Matcher is not able to merge mutliple matches per doc
See original GitHub issueHi! When I try to merge multiple matches in a sentence/doc with retokenizer.merge
I receive the error IndexError: [E035] Error creating span with start 17 and end 21 for Doc of length 17.
, with the second match, as the indices don’t line up anymore: The underlying doc has changed, but the start
end
indices in matches
were not updated. Below I include a code to reproduce the issue as well as a workaround I used to fix the issue for now.
But maybe it would be more elegant to update the start/end indices upon calling retokenizer.merge
?
How to reproduce the behaviour
import spacy
from spacy.matcher import Matcher
from spacy.tokens import Span
def merge_tokens(matcher, doc: spacy.tokens.doc, i, matches):
"""Merges tokens to one."""
match_id, start, end = matches[i]
span = Span(doc, start, end, label="EVENT")
with doc.retokenize() as retokenizer:
attrs = {"LEMMA": "<gs>", "TAG": "<gs>"}
retokenizer.merge(span, attrs=attrs)
def merge_tokens_fixed(matcher, doc: spacy.tokens.doc, i, matches):
"""Merges tokens to one."""
match_id, start, end = matches[i]
for i in range(0, i):
span_len = matches[i][2]-matches[i][1]-1
start -= span_len
end -= span_len
span = Span(doc, start, end, label="EVENT")
with doc.retokenize() as retokenizer:
attrs = {"LEMMA": "<gs>", "TAG": "<gs>"}
retokenizer.merge(span, attrs=attrs)
patterns = [
[
{'IS_BRACKET': True},
{'LOWER': 'this'},
{'LOWER': 'is'},
{'LOWER': 'a', 'OP': '*'},
{'IS_BRACKET': True}
]
]
nlp = spacy.load("en_core_web_sm")
matcher = Matcher(nlp.vocab)
matcher.add('this_is_a', patterns, on_match=merge_tokens_fixed)

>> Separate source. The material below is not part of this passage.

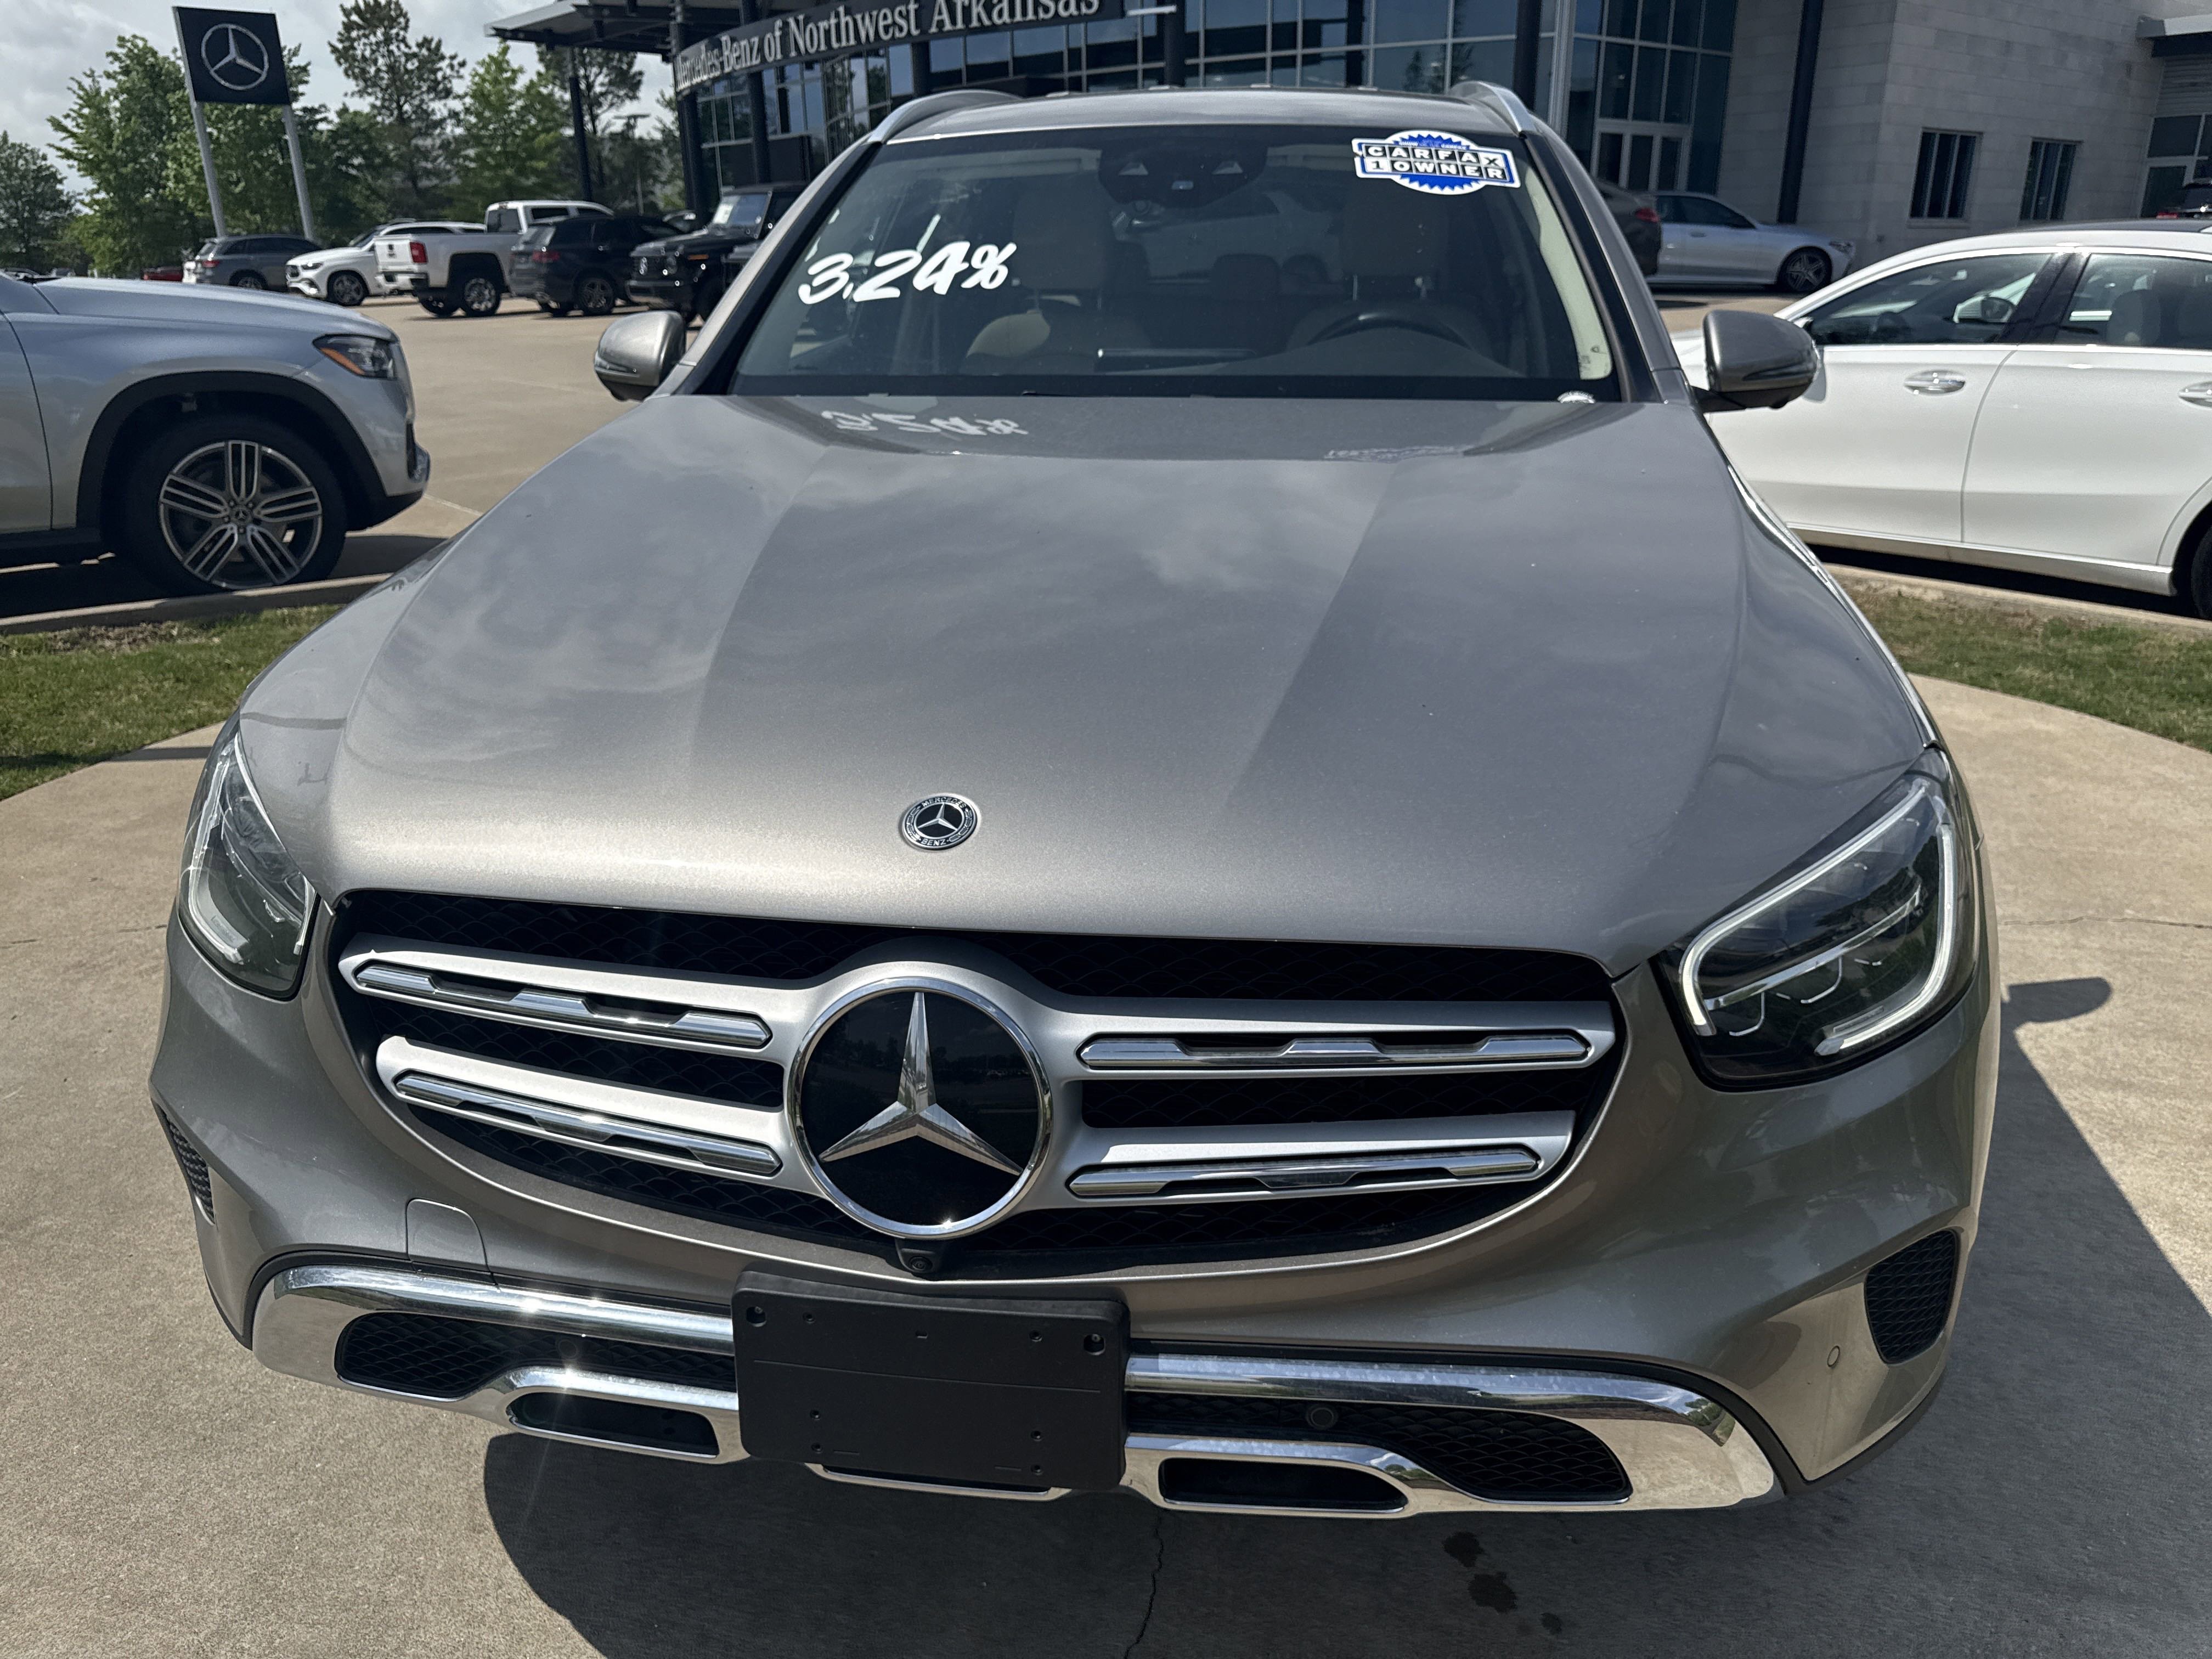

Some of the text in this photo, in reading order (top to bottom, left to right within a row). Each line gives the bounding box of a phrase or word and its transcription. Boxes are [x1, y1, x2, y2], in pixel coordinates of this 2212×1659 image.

text = "Hello World! (This is a) test! (This is) another one. (This is). This is"
doc = nlp(text)
matches = matcher(doc)
print([t.text for t in doc])
matcher2 = Matcher(nlp.vocab)
matcher2.add('this_is_a2', patterns, on_match=merge_tokens)
doc2 = nlp(text)
matches2 = matcher2(doc2)
print([t.text for t in doc2])
Output:
['Hello', 'World', '!', '(This is a)', 'test', '!', '(This is)', 'another', 'one', '.', '(This is)', '.', 'This', 'is']

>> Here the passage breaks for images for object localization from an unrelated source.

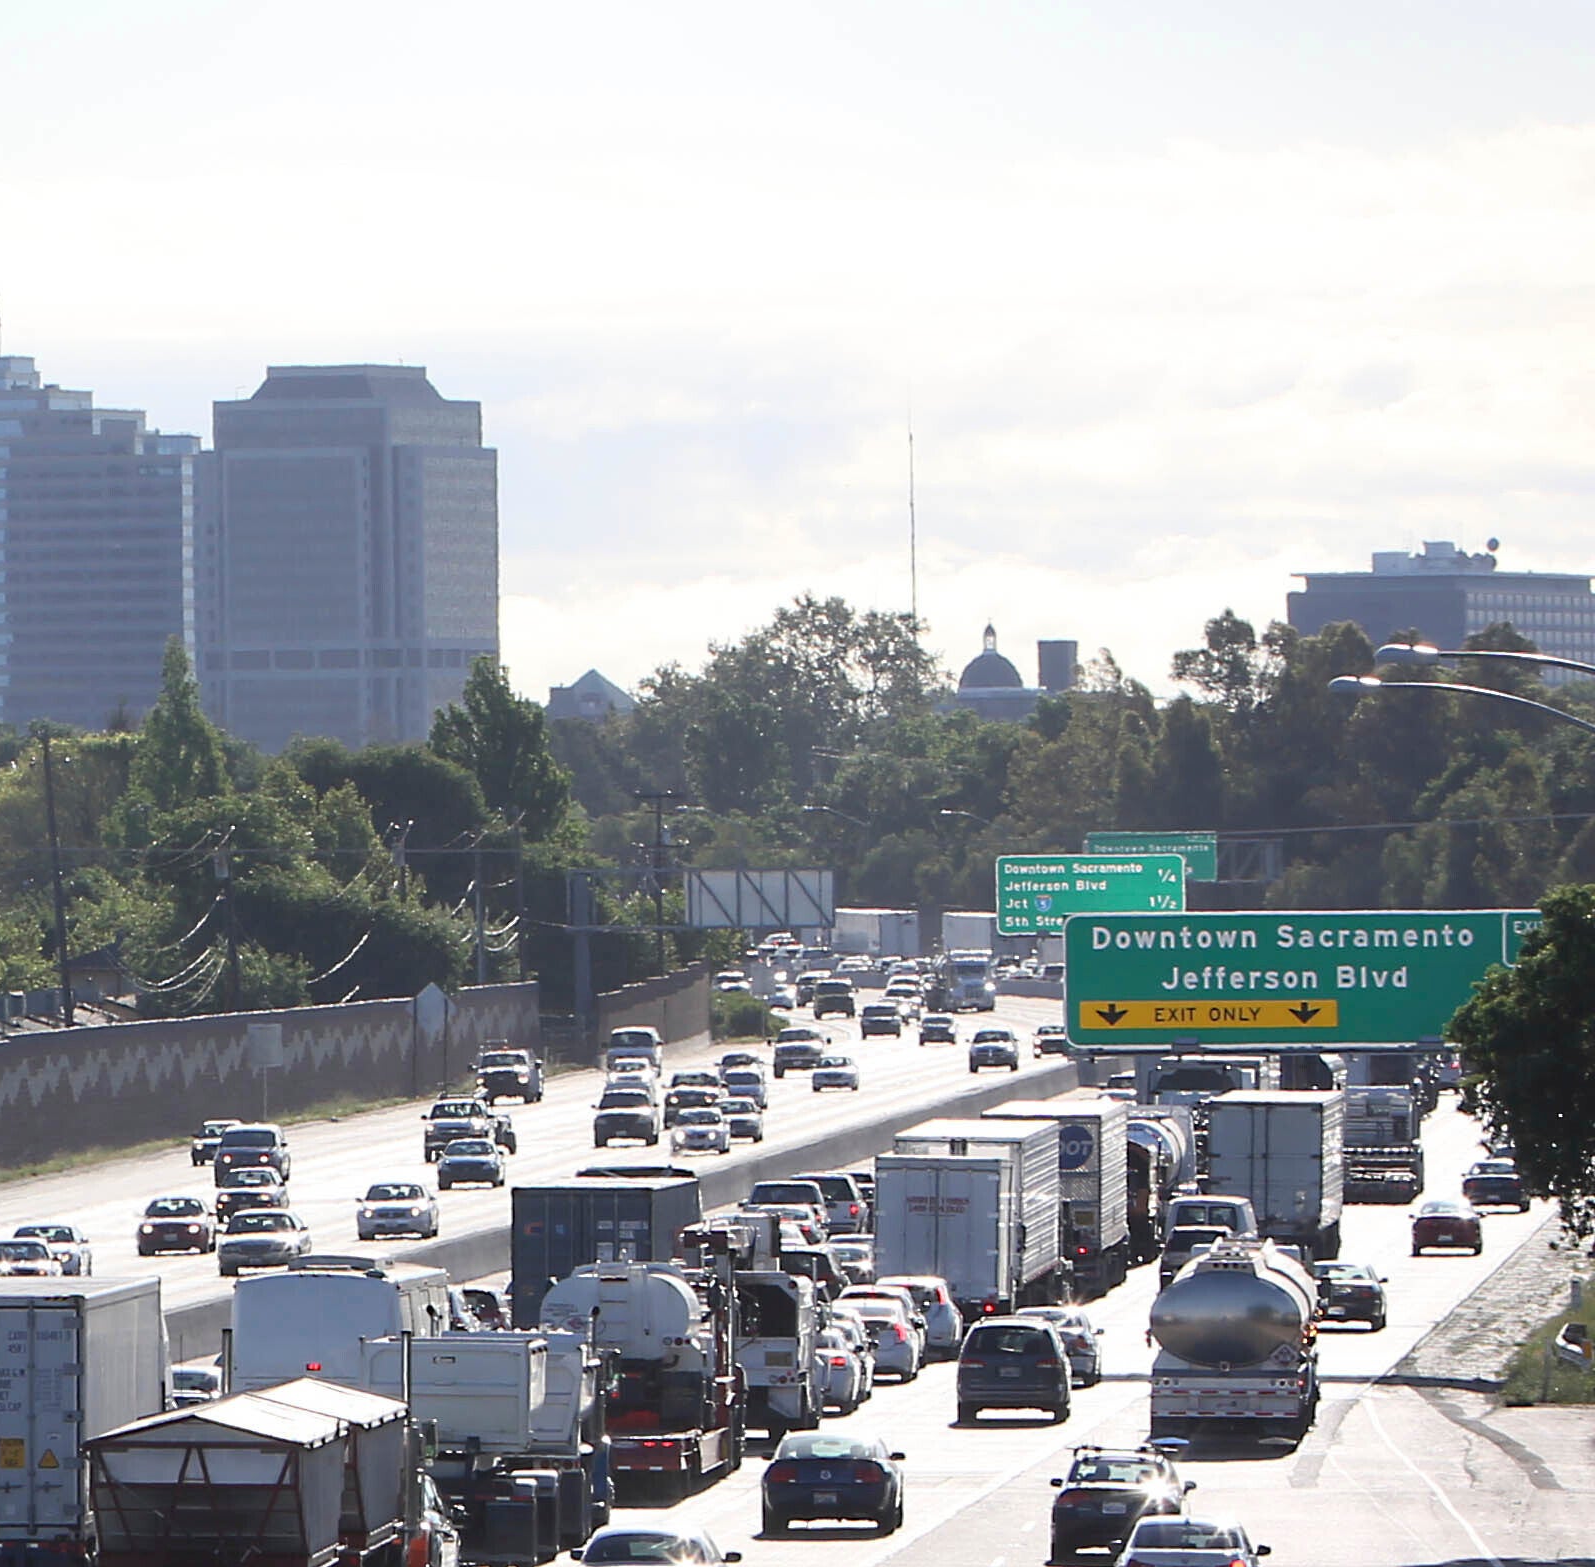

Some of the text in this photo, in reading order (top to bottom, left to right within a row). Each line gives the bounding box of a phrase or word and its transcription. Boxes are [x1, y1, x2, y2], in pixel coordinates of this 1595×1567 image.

[1004, 863, 1143, 874] Downtown Sacramento
[1004, 879, 1107, 892] Jefferson Blvd
[1005, 899, 1029, 909] Jct
[1005, 916, 1063, 927] 5th Stre
[1092, 924, 1475, 950] Downtown Sacramento
[1162, 965, 1407, 990] Jefferson Blvd
[1154, 1006, 1261, 1022] EXIT ONLY

Traceback (most recent call last):
File "/mnt/c/Users/xxx/AppData/Roaming/JetBrains/PyCharm2020.2/scratches/scratch.py", line 59, in <module>
matches2 = matcher2(doc2)
File "matcher.pyx", line 242, in spacy.matcher.matcher.Matcher.__call__
File "/mnt/c/Users/xxx/AppData/Roaming/JetBrains/PyCharm2020.2/scratches/scratch.py", line 10, in merge_tokens
span = Span(doc, start, end, label="EVENT")
File "span.pyx", line 104, in spacy.tokens.span.Span.__cinit__
IndexError: [E035] Error creating span with start 17 and end 21 for Doc of length 17.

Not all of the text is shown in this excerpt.